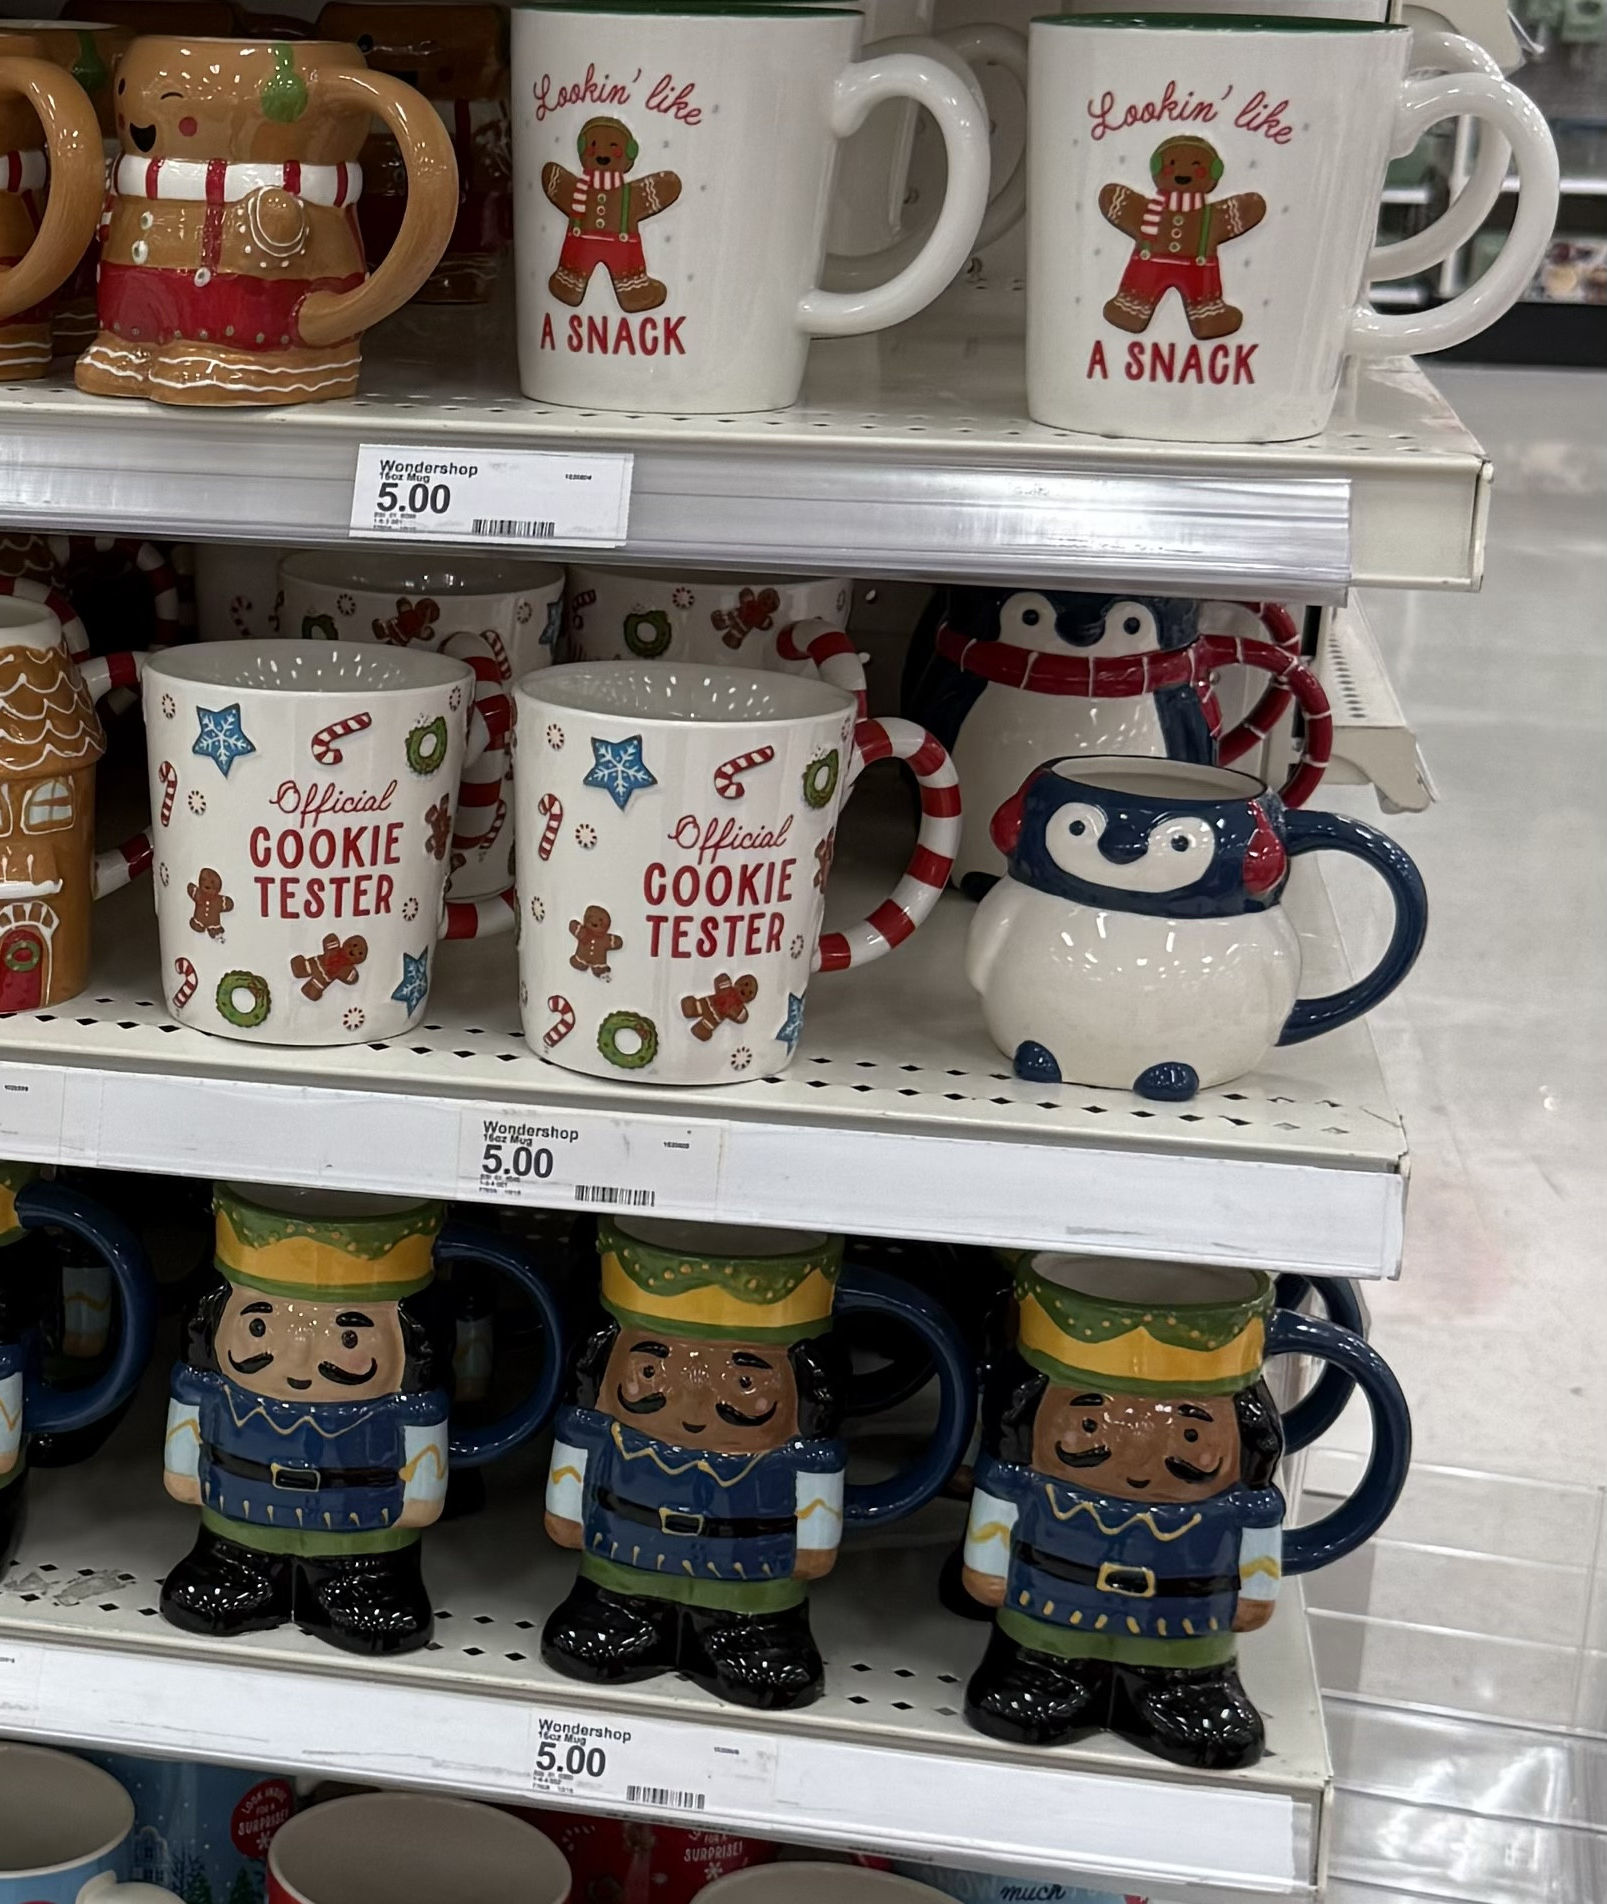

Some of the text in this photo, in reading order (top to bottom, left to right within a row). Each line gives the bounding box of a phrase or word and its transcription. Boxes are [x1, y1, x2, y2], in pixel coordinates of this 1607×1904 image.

[533, 62, 702, 125] Lookin' like
[1086, 80, 1293, 145] Lookin' like
[539, 312, 686, 356] A SNACK
[1085, 340, 1258, 385] A SNACK
[380, 459, 478, 478] Wondershop
[407, 473, 430, 484] Mug
[377, 482, 450, 514] 5.00
[269, 779, 397, 830] Official
[249, 821, 404, 869] COOKIE
[667, 814, 794, 865] Official
[254, 873, 393, 919] TESTER
[643, 858, 797, 907] COOKIE
[645, 912, 785, 958] TESTER
[482, 1120, 578, 1143] Wondershop
[509, 1136, 532, 1147] Mug
[481, 1144, 552, 1178] 5.00
[538, 1718, 631, 1744] Wondershop
[563, 1733, 585, 1746] Mug
[535, 1741, 605, 1777] 5.00
[684, 1841, 743, 1863] SURPRISE!
[1000, 1883, 1066, 1901] much

> **YOUR GOAL**:
Leaving every picture out, repeat each line of the material exactly.

> **SOLUTION TO THIS EXERCISE**:
Some of the text in this photo, in reading order (top to bottom, left to right within a row). Each line gives the bounding box of a phrase or word and its transcription. Boxes are [x1, y1, x2, y2], in pixel coordinates of this 1607×1904 image.

[533, 62, 702, 125] Lookin' like
[1086, 80, 1293, 145] Lookin' like
[539, 312, 686, 356] A SNACK
[1085, 340, 1258, 385] A SNACK
[380, 459, 478, 478] Wondershop
[407, 473, 430, 484] Mug
[377, 482, 450, 514] 5.00
[269, 779, 397, 830] Official
[249, 821, 404, 869] COOKIE
[667, 814, 794, 865] Official
[254, 873, 393, 919] TESTER
[643, 858, 797, 907] COOKIE
[645, 912, 785, 958] TESTER
[482, 1120, 578, 1143] Wondershop
[509, 1136, 532, 1147] Mug
[481, 1144, 552, 1178] 5.00
[538, 1718, 631, 1744] Wondershop
[563, 1733, 585, 1746] Mug
[535, 1741, 605, 1777] 5.00
[684, 1841, 743, 1863] SURPRISE!
[1000, 1883, 1066, 1901] much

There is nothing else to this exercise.